# Rockwell 34-440 10" Contractors Saw



## Michael E. (Jun 10, 2008)

Rockwell 34-440 10" Contractors Saw

In the past the members of this Forum have been very helpful providing parts sources for tools. That being said I'm looking for two bearings for the saw above. The part number is 1086894 for both. Any help would be greatly appreciated.


----------



## Ghidrah (Oct 21, 2008)

I wouldn't hold my breath for help from anyone on that saw outside of Delta considering its age. 
The old Rockwell and the Delta from the early to mid 80s are so similar that they might be compatible. Also there might be an analog to it being sold for some other Delta tool or sold separately. 

If you have access to the existing parts list for the Rockwell and the part # of the bearings it may be possible to match it from many places.


----------



## jschaben (Jun 21, 2009)

Michael E. said:


> Rockwell 34-440 10" Contractors Saw
> 
> In the past the members of this Forum have been very helpful providing parts sources for tools. That being said I'm looking for two bearings for the saw above. The part number is 1086894 for both. Any help would be greatly appreciated.


I think Ron is probably right as far as tracking down with that number. But, that said, If you can come up with some specs, ID, OD, thickness you may be able to get a replacement from somewhere else, Fastenal, ???, maybe even a NAPA. 
Good Luck,


----------



## Charlie2U (Jan 11, 2010)

I agree, bearings shouldn't be that hard to find locally for a American made machine. Pull the bearings and go to your local bearing supply, such as Motion Industries. Someone should be able to match them up.


----------



## BigJimAK (Mar 13, 2009)

+1 on Charlie's post... Take the bearing in to a bearing specialty shop... they have 20 ways from Sunday to match it.. and if they don't have the identical model they'll likely have a superior one that will fit.


----------



## Michael E. (Jun 10, 2008)

*Rockwell Saw Bearings*

After spending a considerable amount of time on the phone I found a repair shop/store that not only has the bearings, but will install them for a reasonable price. I took them down today and they will mail the arbor back to me on Thursday. The saw will be back in service on Friday. Thanks to all for the for the good information.


----------



## Charlie2U (Jan 11, 2010)

Glad to hear that things worked out for you. Let me know if you want the best dust collection on the saw.


----------



## daSpud (Apr 21, 2010)

*I have one too!*

Hi Mike,

I am doing the bearing thing too. I pulled it apart and they look like pretty standard bearings. I will check with the local machine shop.

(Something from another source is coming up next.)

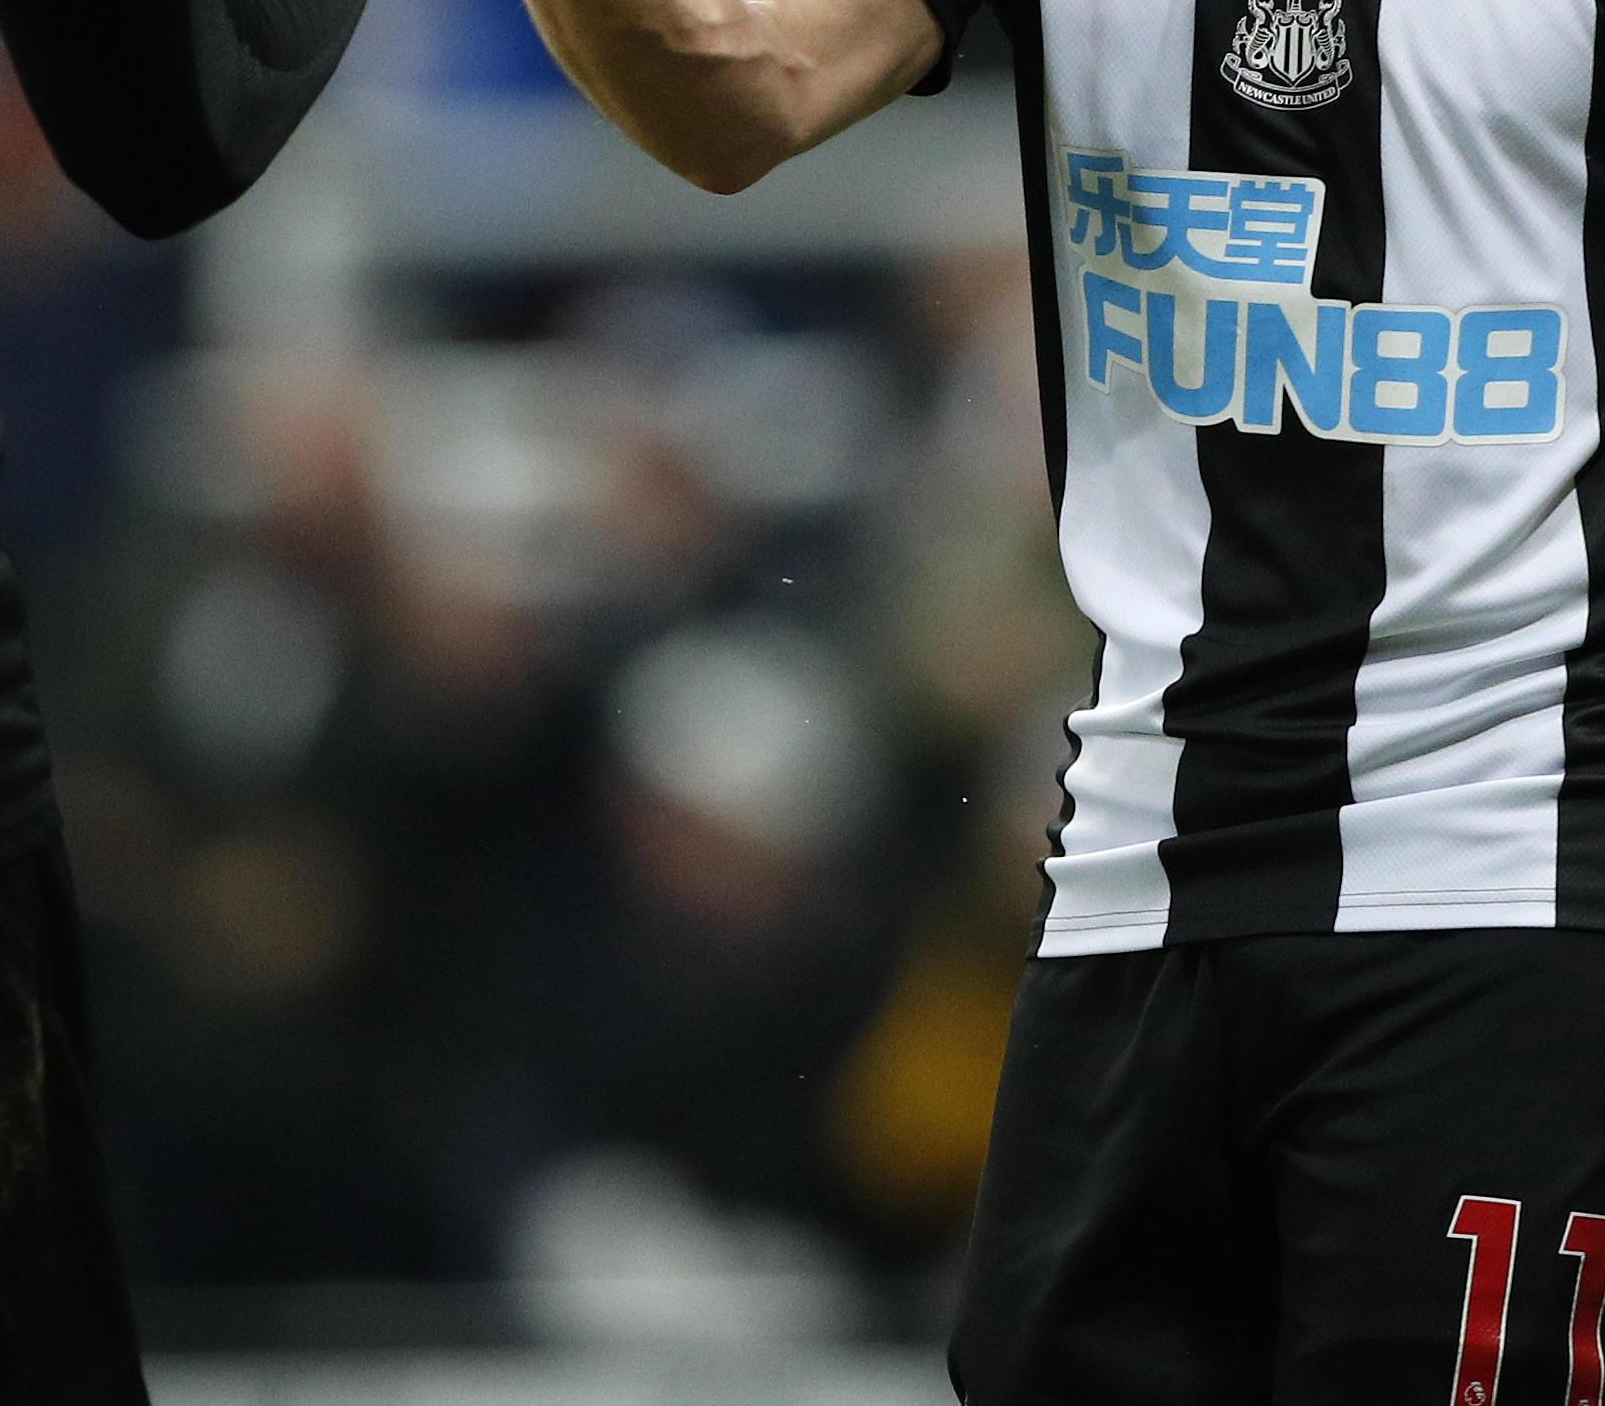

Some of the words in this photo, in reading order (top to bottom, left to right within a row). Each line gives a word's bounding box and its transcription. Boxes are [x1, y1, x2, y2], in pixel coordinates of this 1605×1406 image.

[1237, 81, 1302, 106] NEWCASTLE
[1302, 86, 1337, 105] UNITED
[1067, 151, 1316, 285] 乐天堂
[1083, 270, 1563, 437] FUN88

I used a friends Delta saw the other day and discovered a few things that I want to fix. His saw was much quieter than mine. Mine has bad bearings.

Also in changing his blade there is room for a 2nd wrench on the back side of the arbor. I have always had to use a block of wood to wedge against the blade.

In taking my saw apart I see the flats on the arbor for the 2nd wrench. It is just that they are pushed in so far that there is no clearance for the 2nd wrench. 

Mike (or anybody with this saw) I was wondering if you change your blades with 2 wrenches? I have a picture of mine I can send or post as appropriate.

I was planning of using a washer to move the arbor to the side more to give clearance, but this will change where the blade pops through the throat plate.

Anyone have any thoughts or experience with this?

Thanks in advance, Bob


----------



## Michael E (Jun 10, 2008)

daSpud said:


> Hi Mike,
> 
> I am doing the bearing thing too. I pulled it apart and they look like pretty standard bearings. I will check with the local machine shop.
> 
> ...


Bob 
I only have one wrench that was supplied with the saw. I use a block of wood and the wrench to change the blade.. I had some vibration with my saw and was able to quiet it some with one of those link belts you see in catalogs. I got mine at Rockler. Some of the vibration may be an unbalanced blade. The new bearings helped a lot. Good luck with your saw.


----------



## Dr.Zook (Sep 10, 2004)

Hello Bob. Welcome to the RouterForums. Glad to have you as a member.


----------